*** Exercise material ***

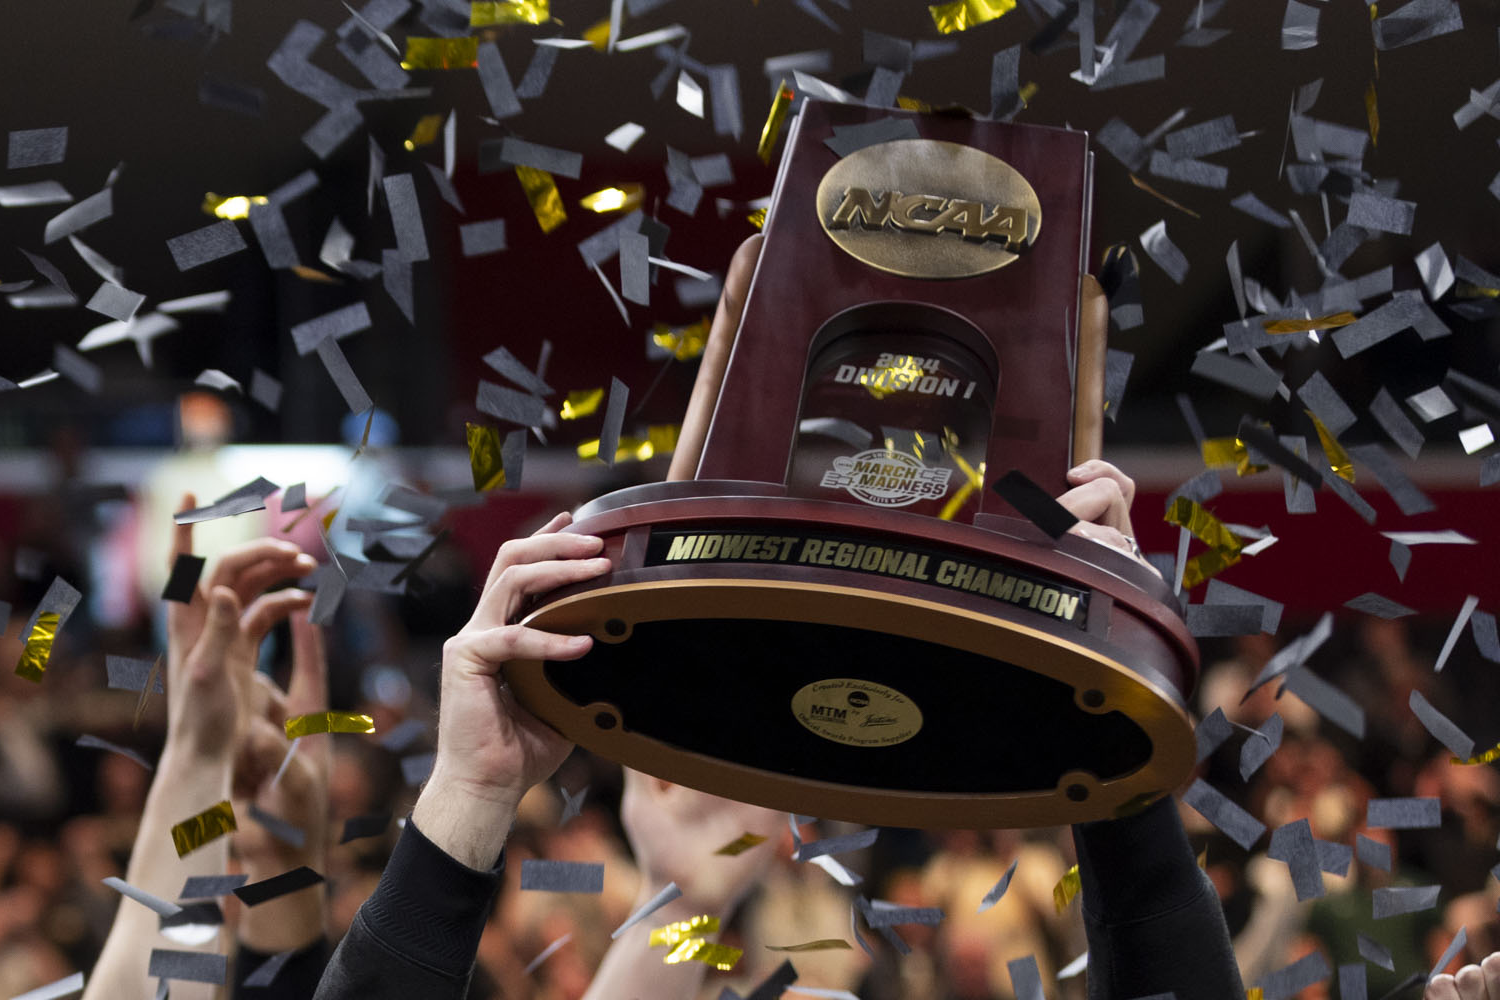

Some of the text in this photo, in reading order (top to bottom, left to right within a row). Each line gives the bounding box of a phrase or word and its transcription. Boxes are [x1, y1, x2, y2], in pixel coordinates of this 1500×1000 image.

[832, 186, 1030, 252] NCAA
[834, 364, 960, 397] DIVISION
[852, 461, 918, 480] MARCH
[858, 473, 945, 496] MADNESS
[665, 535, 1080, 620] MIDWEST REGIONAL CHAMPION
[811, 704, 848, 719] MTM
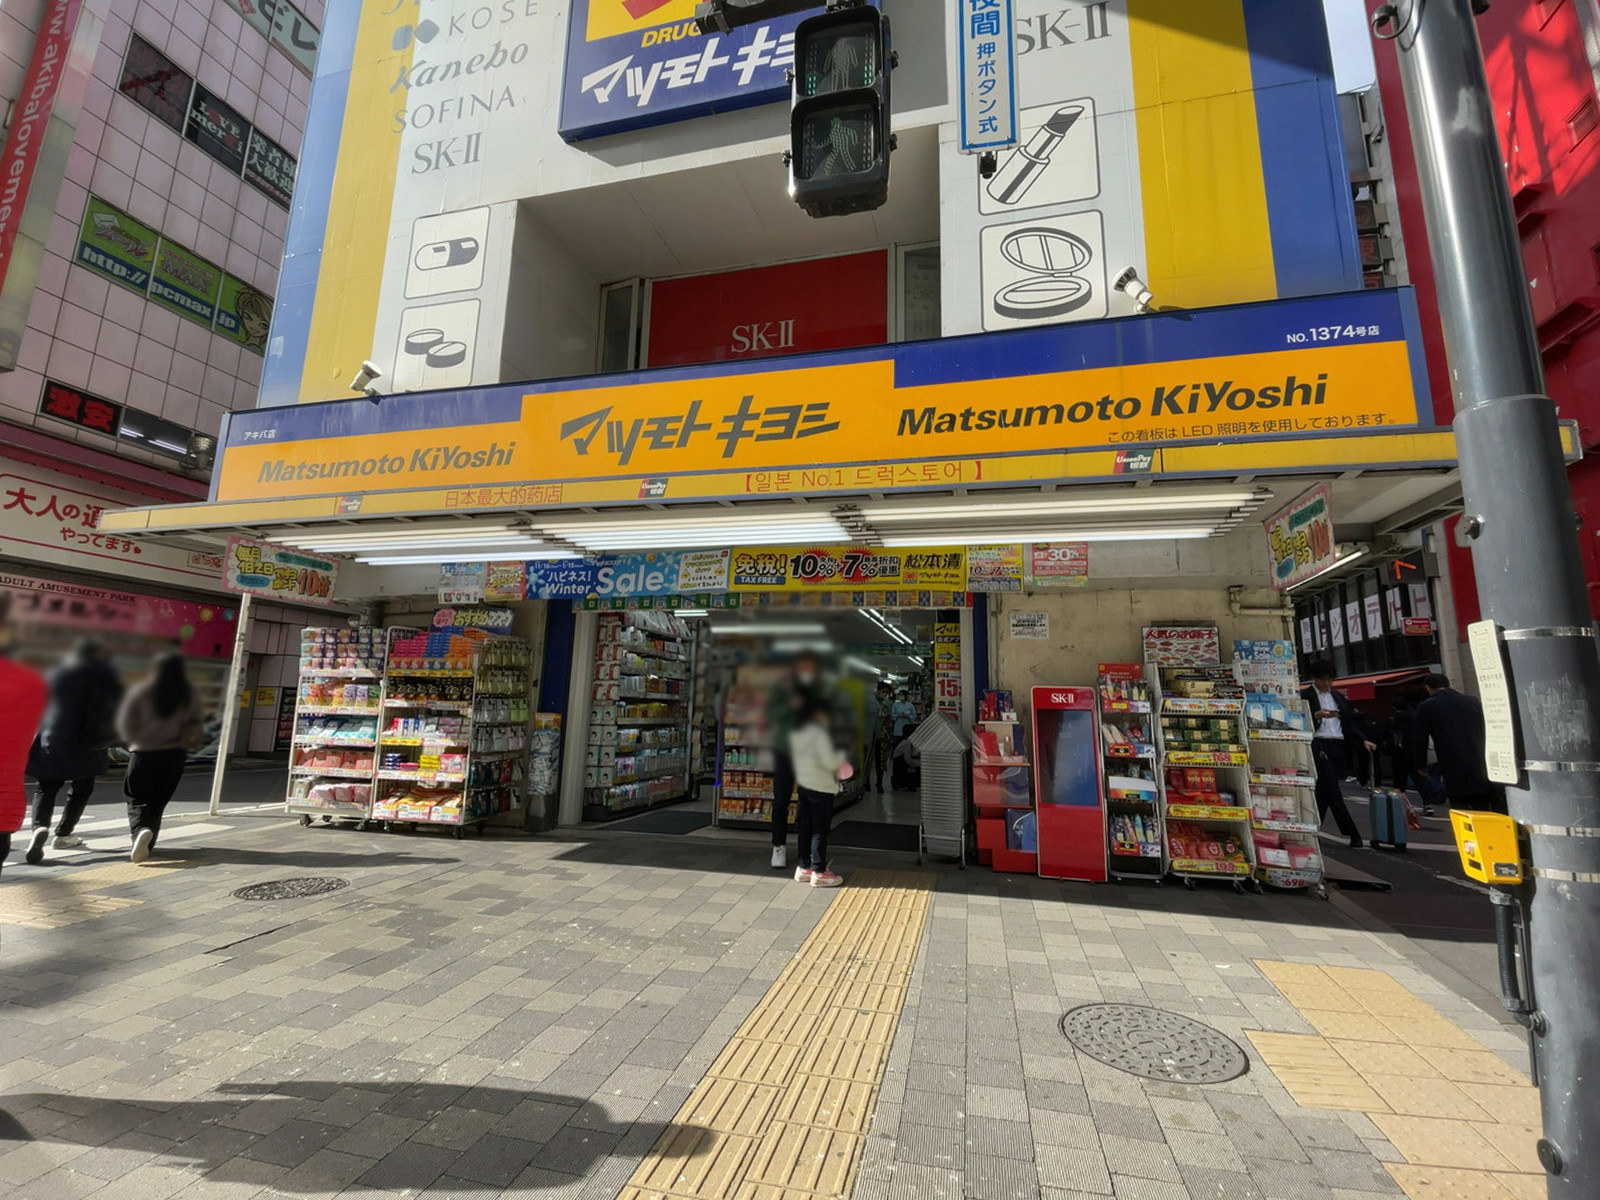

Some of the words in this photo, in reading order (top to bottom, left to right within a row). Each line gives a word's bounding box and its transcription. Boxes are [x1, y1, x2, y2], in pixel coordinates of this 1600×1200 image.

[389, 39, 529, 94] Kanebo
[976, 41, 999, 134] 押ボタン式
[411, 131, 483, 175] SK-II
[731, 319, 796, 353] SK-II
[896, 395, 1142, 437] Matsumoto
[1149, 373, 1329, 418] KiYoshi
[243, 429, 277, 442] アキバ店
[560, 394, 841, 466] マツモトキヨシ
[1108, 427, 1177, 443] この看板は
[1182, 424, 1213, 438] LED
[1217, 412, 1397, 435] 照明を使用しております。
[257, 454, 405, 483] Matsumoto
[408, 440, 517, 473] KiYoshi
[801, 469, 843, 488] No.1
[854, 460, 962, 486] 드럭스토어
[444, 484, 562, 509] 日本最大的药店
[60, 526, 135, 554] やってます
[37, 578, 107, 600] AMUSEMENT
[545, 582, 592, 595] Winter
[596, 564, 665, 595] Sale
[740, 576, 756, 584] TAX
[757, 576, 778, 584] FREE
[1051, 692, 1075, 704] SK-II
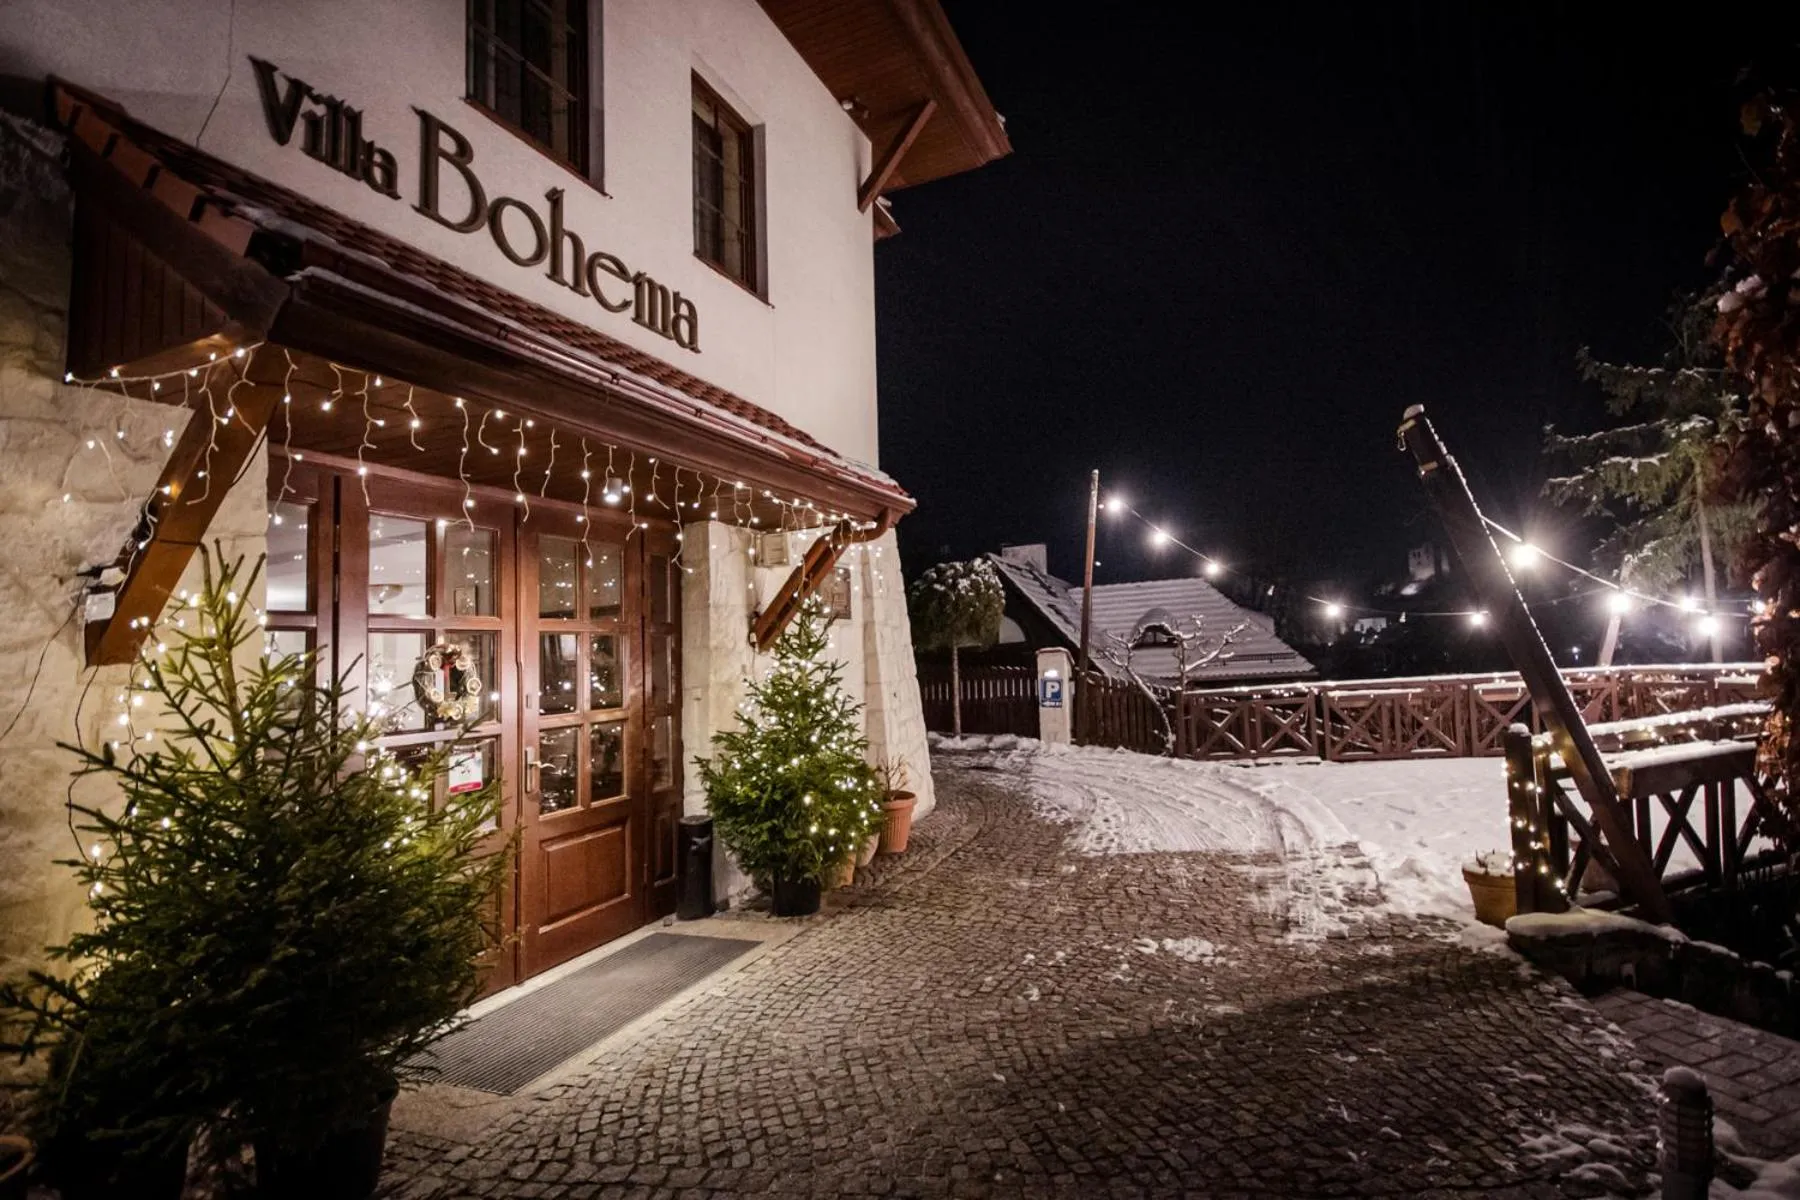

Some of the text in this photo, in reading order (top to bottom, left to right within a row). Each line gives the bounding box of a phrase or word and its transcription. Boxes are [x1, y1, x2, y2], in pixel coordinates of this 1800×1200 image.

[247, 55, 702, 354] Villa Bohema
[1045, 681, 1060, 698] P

*** End of Exercise material ***

*Exercise instructions*
The material must be returned exactly, with its pictures omitted.

*Answer section*
Some of the text in this photo, in reading order (top to bottom, left to right within a row). Each line gives the bounding box of a phrase or word and its transcription. Boxes are [x1, y1, x2, y2], in pixel coordinates of this 1500×1000 image.

[832, 186, 1030, 252] NCAA
[834, 364, 960, 397] DIVISION
[852, 461, 918, 480] MARCH
[858, 473, 945, 496] MADNESS
[665, 535, 1080, 620] MIDWEST REGIONAL CHAMPION
[811, 704, 848, 719] MTM

Some of the words in this photo, in reading order (top to bottom, left to right within a row). Each line gives a word's bounding box and its transcription. Boxes are [x1, y1, x2, y2], in pixel coordinates of this 1600×1200 image.

[389, 39, 529, 94] Kanebo
[976, 41, 999, 134] 押ボタン式
[411, 131, 483, 175] SK-II
[731, 319, 796, 353] SK-II
[896, 395, 1142, 437] Matsumoto
[1149, 373, 1329, 418] KiYoshi
[243, 429, 277, 442] アキバ店
[560, 394, 841, 466] マツモトキヨシ
[1108, 427, 1177, 443] この看板は
[1182, 424, 1213, 438] LED
[1217, 412, 1397, 435] 照明を使用しております。
[257, 454, 405, 483] Matsumoto
[408, 440, 517, 473] KiYoshi
[801, 469, 843, 488] No.1
[854, 460, 962, 486] 드럭스토어
[444, 484, 562, 509] 日本最大的药店
[60, 526, 135, 554] やってます
[37, 578, 107, 600] AMUSEMENT
[545, 582, 592, 595] Winter
[596, 564, 665, 595] Sale
[740, 576, 756, 584] TAX
[757, 576, 778, 584] FREE
[1051, 692, 1075, 704] SK-II

Some of the text in this photo, in reading order (top to bottom, left to right within a row). Each line gives the bounding box of a phrase or word and its transcription. Boxes are [x1, y1, x2, y2], in pixel coordinates of this 1800×1200 image.

[247, 55, 702, 354] Villa Bohema
[1045, 681, 1060, 698] P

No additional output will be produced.